SECOND AMENDMENT AGREEMENT
Exhibit 10.18
EXECUTION VERSION
SECOND AMENDMENT AGREEMENT
This Second Amendment Agreement (this Amendment), effective as of December 3, 2015 (the Second Amendment Effective Date), is by and between BeiGene, LTD, a corporation organized under the laws of the Cayman Islands having an address of c/o Mourant Ozannes Corporate Services, (Cayman) Limited, 94 Solaris Avenue, PO Box 1348, Grand Cayman KY1-1108, Cayman Islands GB (BeiGene), and Merck KGaA, a corporation with general partners organized under German law having a place of business at Frankfurter Strasse 250, 64293 Darmstadt, Germany (Merck). BeiGene and Merck may be referred to herein as a Party or collectively as the Parties.
WHEREAS, the Parties are parties to the Amended and Restated License Agreement, with an Effective Date of December 10, 2013, as amended by an Amendment Agreement dated October 1, 2015, pertaining to the Merck Territory, as defined below (as amended, the Ex-PRC Agreement); and
WHEREAS, the Parties wish to further amend the Ex-PRC Agreement as set forth herein;
NOW, THEREFORE, in consideration of the various promises and undertakings set forth herein, the Parties agree as follows:
1. Definitions. The following terms shall have the following meanings:
1.1. Merck Territory means all the countries of the world, except the PRC Territory.
1.2. PRC Territory means The Peoples Republic of China, excluding Hong Kong, Macau and Taiwan.
1.3. BGB-283 Product means (a) BGB-283 (b) any prodrugs, salts and solvates of BGB-283, (c) any metabolites of BGB-283 (i) whose primary activity is the inhibition of BRAF and which meet the affinity requirements in clause (b) of Section 1.12, and (ii) which are within the claims of the BGB-283 Patent Application, and (d) any dosage form or formulation of the compounds described in clauses (a), (b) and (c).
1.4. Capitalized terms used in herein but not defined shall have the meanings set forth in the Ex-PRC Agreement.
2. Amendment of the Ex-PRC Agreement.
The following provision of the Ex-PRC Agreement is amended as set forth below:
2.1. Section 2.8 is deleted and replaced by the following provision:
Exclusivity. Licensor and its Affiliates shall not, during the Term, develop, manufacture, have manufactured, use, sell, offer for sale, promote, import, export or distribute (i) a Competing Product in the Merck Territory, or (ii) a Competing Product other than a BGB-283 Product in the PRC Territory, nor enter into any relationship with any Third Party with respect to the foregoing ((i) or (ii)). For clarity, Licensor and its Affiliates shall be permitted, during the Term, to develop, manufacture, have manufactured, use, sell, offer for sale, promote, import, export or distribute any BGB-283 Product in the PRC Territory and/or to enter into any relationship with any Third Party with respect thereto in the PRC Territory. The aforementioned restriction shall remain in effect in the event of Change of Control of Licensor and shall apply to the successor or assignee of Licensor.
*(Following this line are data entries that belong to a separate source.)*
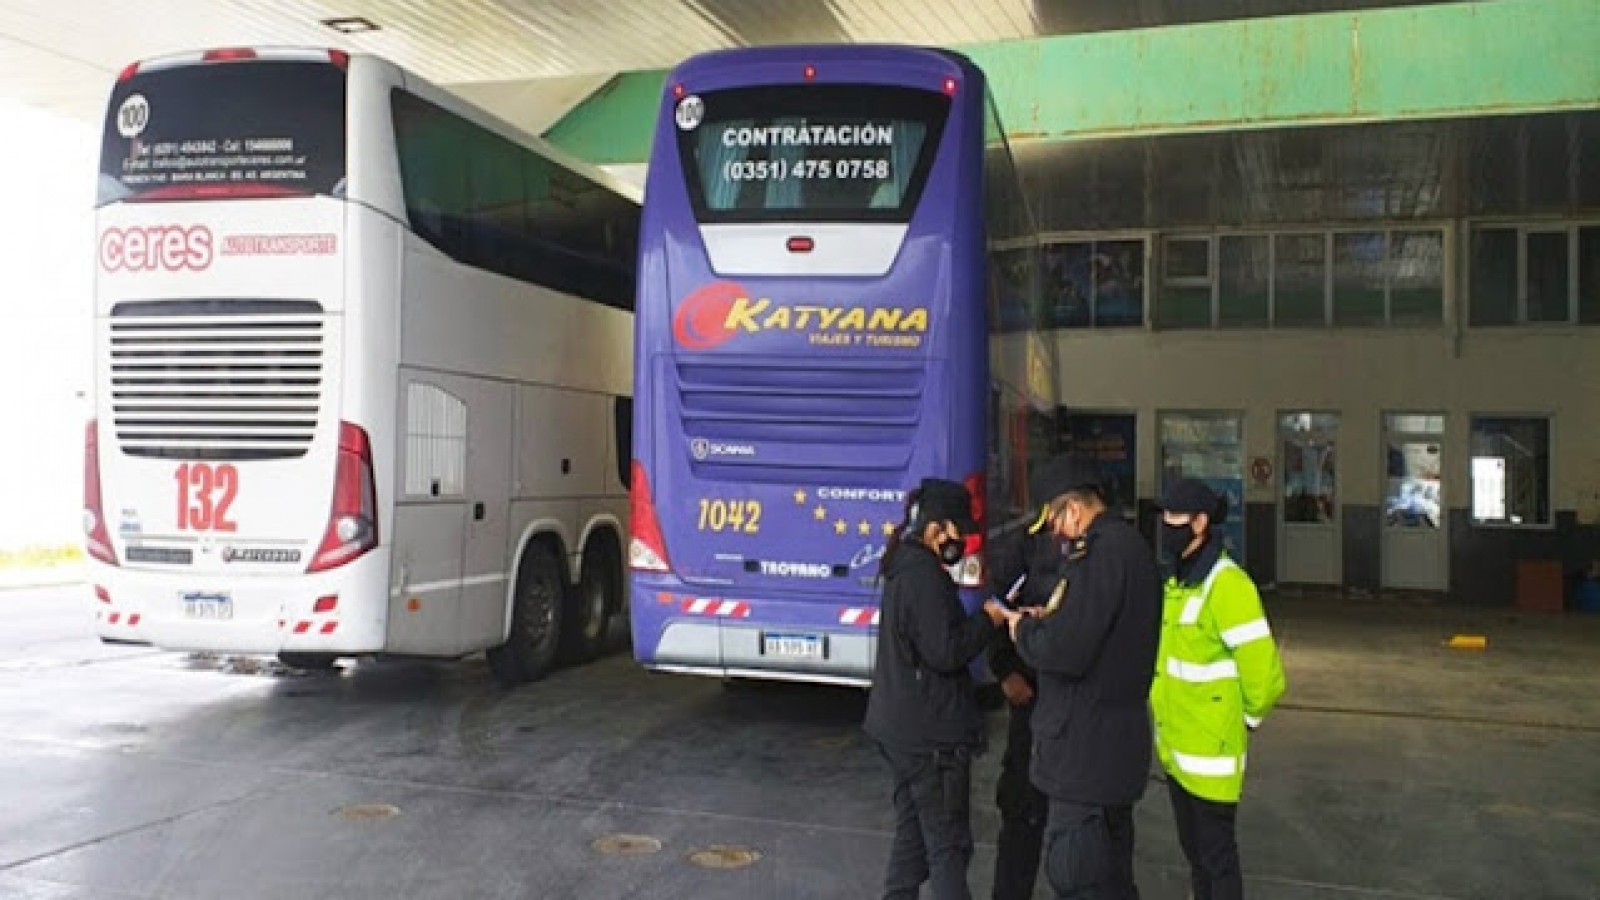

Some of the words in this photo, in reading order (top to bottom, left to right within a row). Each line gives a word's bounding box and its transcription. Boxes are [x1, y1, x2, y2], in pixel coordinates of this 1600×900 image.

[122, 103, 146, 129] 100
[724, 159, 786, 181] (0351)
[791, 160, 831, 179] 475
[835, 160, 889, 179] 0758
[100, 224, 213, 273] ceres
[219, 233, 337, 255] AUTOTRANSPORTE
[724, 297, 928, 331] KATYANA
[808, 333, 850, 345] VIAJES
[854, 334, 862, 345] Y
[865, 334, 921, 346] TURISMO
[175, 463, 238, 532] 132
[816, 486, 906, 502] CONFORT
[698, 498, 761, 534] 1042
[759, 560, 831, 578] TROYANO
3. Miscellaneous. This Second Amendment supersedes all proposals, negotiations, conversations and/or discussions between or among parties relating to the subject matter of this Second Amendment. This Second Amendment shall be integrated in and form part of the Ex-PRC Agreement effective as of the Second Amendment Effective Date. Except for the foregoing modifications, the Ex-PRC Agreement is hereby ratified and confirmed in accordance with its current terms. This Second Amendment may be executed in one or more counterparts, each of which shall be deemed an original, but all of which together shall constitute one and the same agreement.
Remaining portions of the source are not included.